Of course, it was at a time where, where the Russians in the US would find a. A window in the ice to, to potentially launch missiles. And so there’s been an intrinsic connection between space and what space offers in terms of providing this situational awareness in the Arctic. And that’s that’s the same the same situation we find ourself in again.
Can we learn?
Michel Michaloliakos (HIG: Haagsch Instituut GeopolitiekNu, geopolitiek & Geo-economisch analist Europa & Energy): And that will be my last question for now, for this first episode of the geopolitics of the Arctics. Can we derive lessons from the Cold War or maybe the last year of how not to do things and maybe how to do things?
Mark Drinkwater (ESA: European Space Agency, voormalig directeur Earth & Mission Science division) ): Well, as we came out of the Cold War we, we, we, we recognized the importance [00:47:00] of the connection to, to funding, of course for, for space-based activities, but also for experimentation.
The Cold War spawned many valuable and important chapters in in polar science. And there’s a good example from the Russian perspective. From the thirties onwards through throughout the Cold War and, and until the nineties, the Russians were putting out drifting ice stations in the Arctic.
These were the only stations that were assembling knowledge on what was going on in the atmosphere and how the circulation patterns were changing both in the ice, the ocean, and the atmosphere. And. These have been a, a, an incredible source of, of scientific knowledge. So despite the Cold War there, there was valuable science going on up there.
And, and of course our collaborations were, were enhanced after the dissolution of the Soviet Union. We maintain connection with our, our Russian scientific colleagues, but on a political level we are not entitled to, to to work together. So [00:48:00] we’re in a fragile situation today where of course many of these collaborative relationships that have been developed since the early 1990s are at risk of, of, of dissolving.
And that would be a real shame of course, for collaboration for peaceful purposes in the Arctic.

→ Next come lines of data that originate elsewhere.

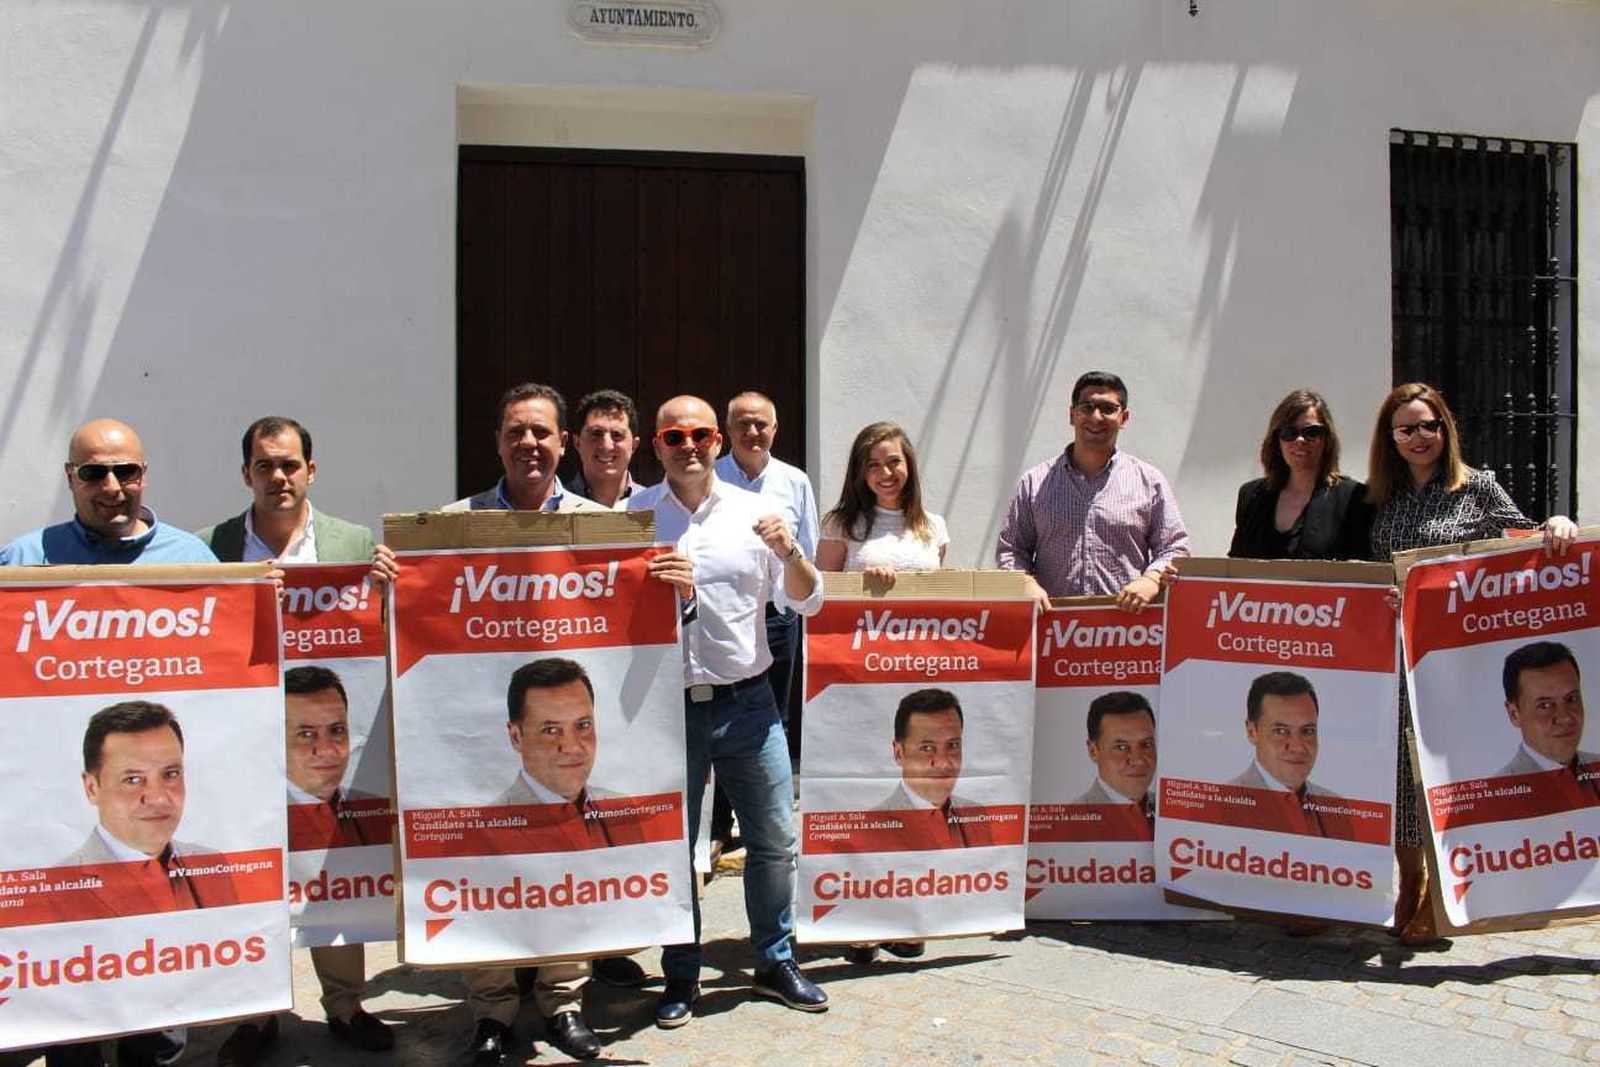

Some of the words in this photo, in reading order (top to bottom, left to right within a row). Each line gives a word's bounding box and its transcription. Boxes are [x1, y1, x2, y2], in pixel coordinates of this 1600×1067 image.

[589, 8, 699, 29] AYUNTAMIENTO.
[449, 560, 618, 614] ¡Vamos!
[1447, 551, 1593, 614] ¡Vamos!
[16, 597, 217, 653] ¡Vamos!
[1205, 591, 1347, 629] ¡Vamos!
[1462, 601, 1588, 634] Cortegana
[465, 615, 610, 643] Cortegana
[851, 609, 990, 651] ¡Vamos!
[1217, 632, 1336, 660] Cortegana
[35, 656, 204, 685] Cortegana
[864, 652, 979, 676] Cortegana
[1054, 658, 1163, 680] Cortegana
[583, 803, 674, 820] #VamosCortegana
[168, 860, 273, 878] #VamosCortegana
[1168, 837, 1374, 891] Ciudadanos
[1449, 830, 1600, 878] Ciudada
[423, 872, 670, 915] Ciudadanos
[813, 868, 1010, 901] Ciudadanos
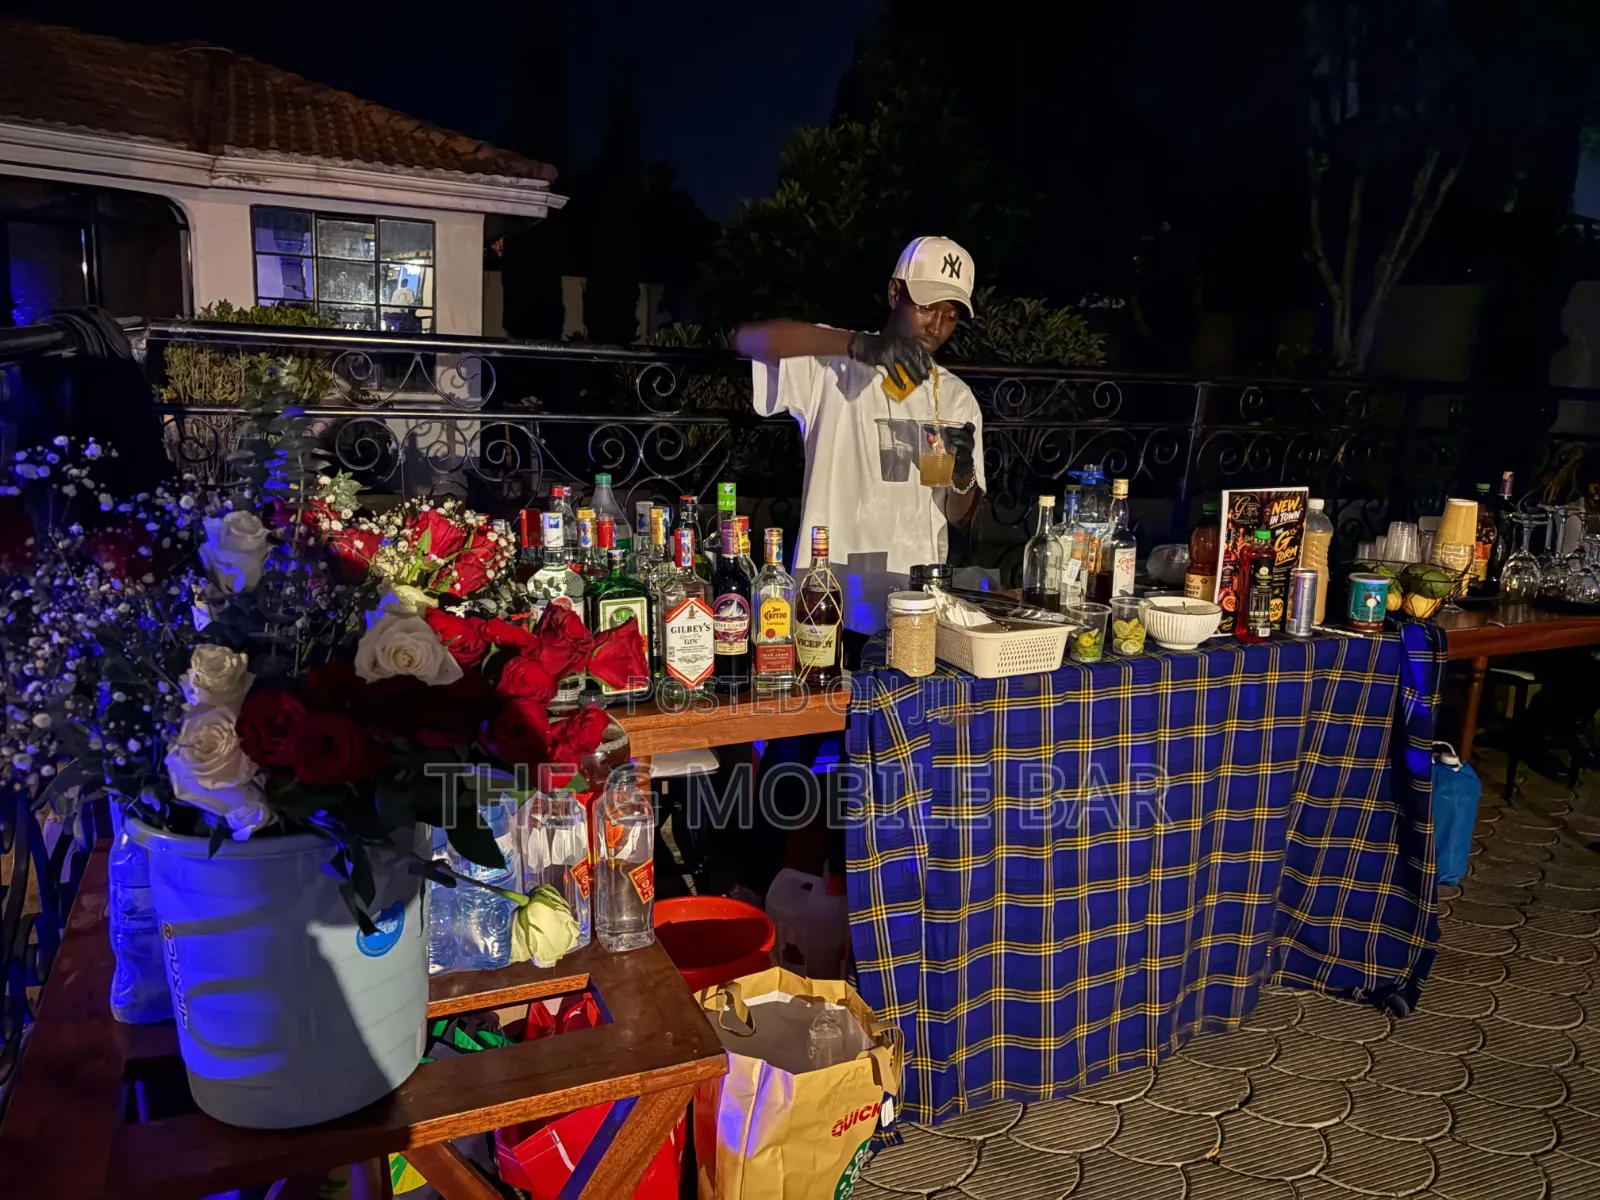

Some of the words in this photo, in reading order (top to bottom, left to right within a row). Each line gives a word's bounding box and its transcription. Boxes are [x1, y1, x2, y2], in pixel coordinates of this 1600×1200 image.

[941, 252, 962, 279] NY
[1271, 496, 1300, 515] NEW
[1269, 514, 1279, 525] IN
[1280, 510, 1301, 523] TOWN
[1274, 530, 1294, 551] G
[764, 610, 787, 620] Cuervo
[670, 622, 711, 634] GILBEY'S
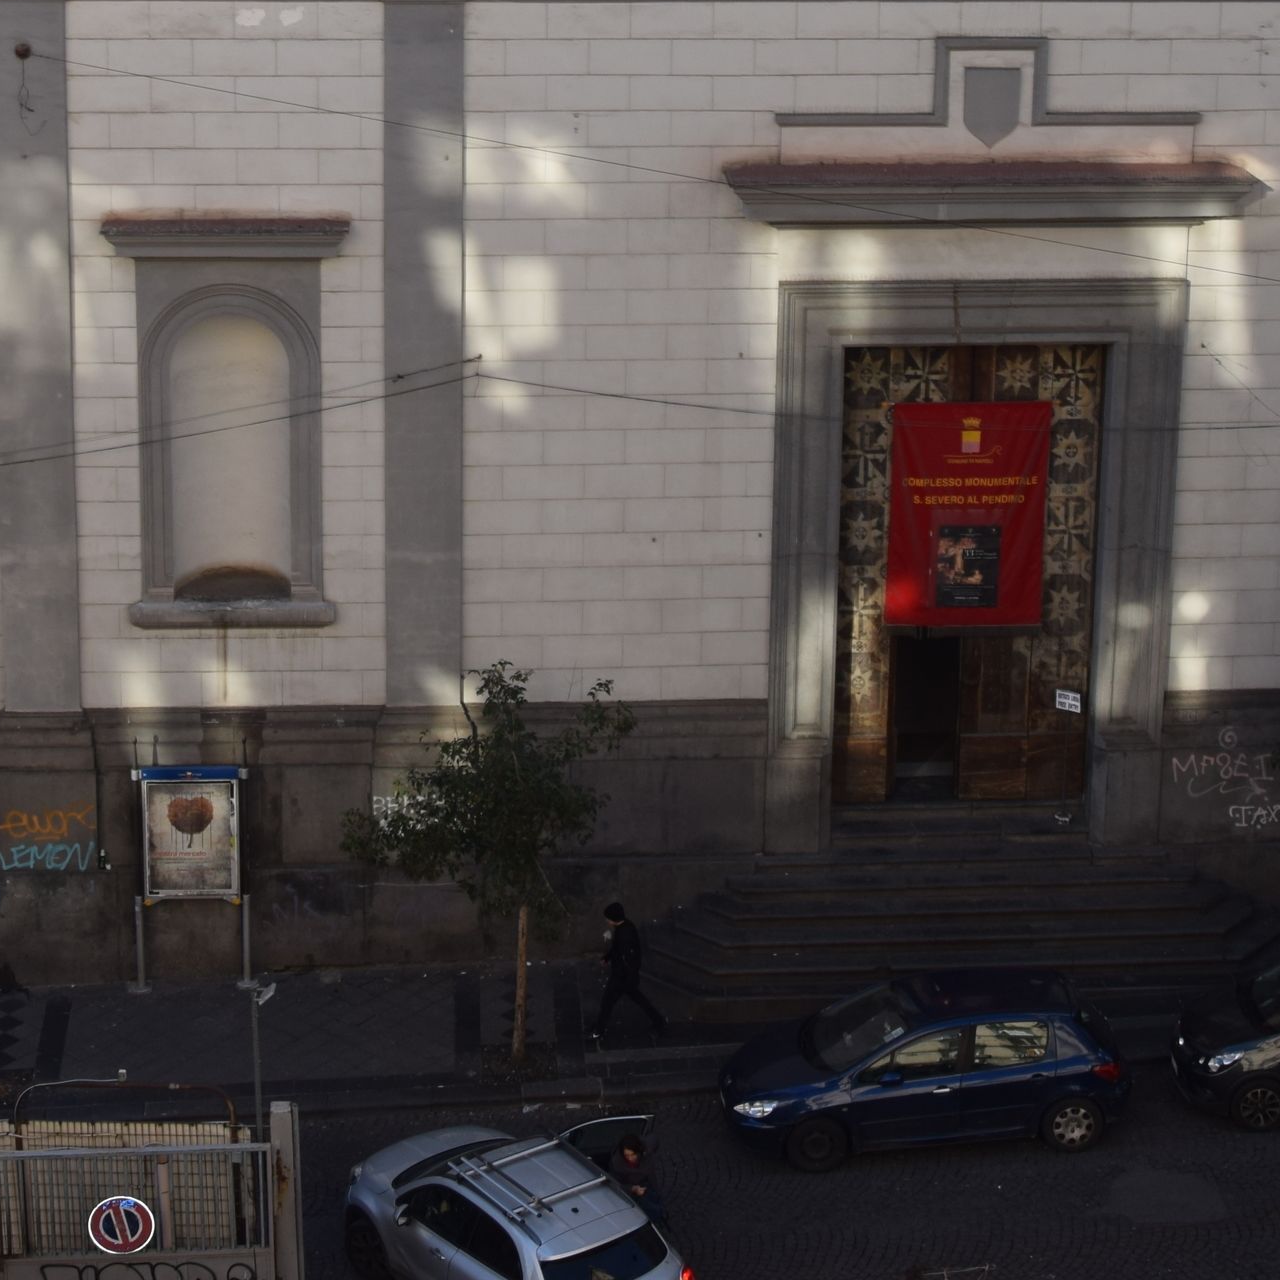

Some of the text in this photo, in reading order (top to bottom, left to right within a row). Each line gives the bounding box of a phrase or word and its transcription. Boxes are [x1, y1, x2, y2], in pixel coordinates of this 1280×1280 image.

So
Michel Michaloliakos (HIG: Haagsch Instituut GeopolitiekNu, geopolitiek & Geo-economisch analist Europa & Energy): knowledge sharing would be the lessons. Let’s continue with that. On the other hand, geopolitics have driven a lot of arctic and polar research. Maybe we are in an era or in front of an era of a new golden period for Arctic research.
Although the incentives are not the most brightest. Today, geopolitics of arctics took center stage in our podcast. It’s not only for fun that we’re discussing it we also estimate that the arctics will take more and more center stage in ecological systems and also in geopolitics worldwide. We address the topics of the Arctics and science or the Arctic and Sciences, I have to say.
The role of ISA in this endeavor, and of course the influence [00:49:00] of the war Russia in Ukraine and how that influences both scientists and the sciences of isa. We ended up in discussing the influence of the Cold War on the science of the Arctic, and it brings us to the real hardcore interest in the Arctic, and that’s what we’re going to discuss in the next episode today.
We discussed these topics with a very interesting speaker. Mark. Drink water. Of course. I was here with my good colleague and podcast partner Raif, and we hope that you were able to say goodbye to the uninformed you. Thank you very much for listening.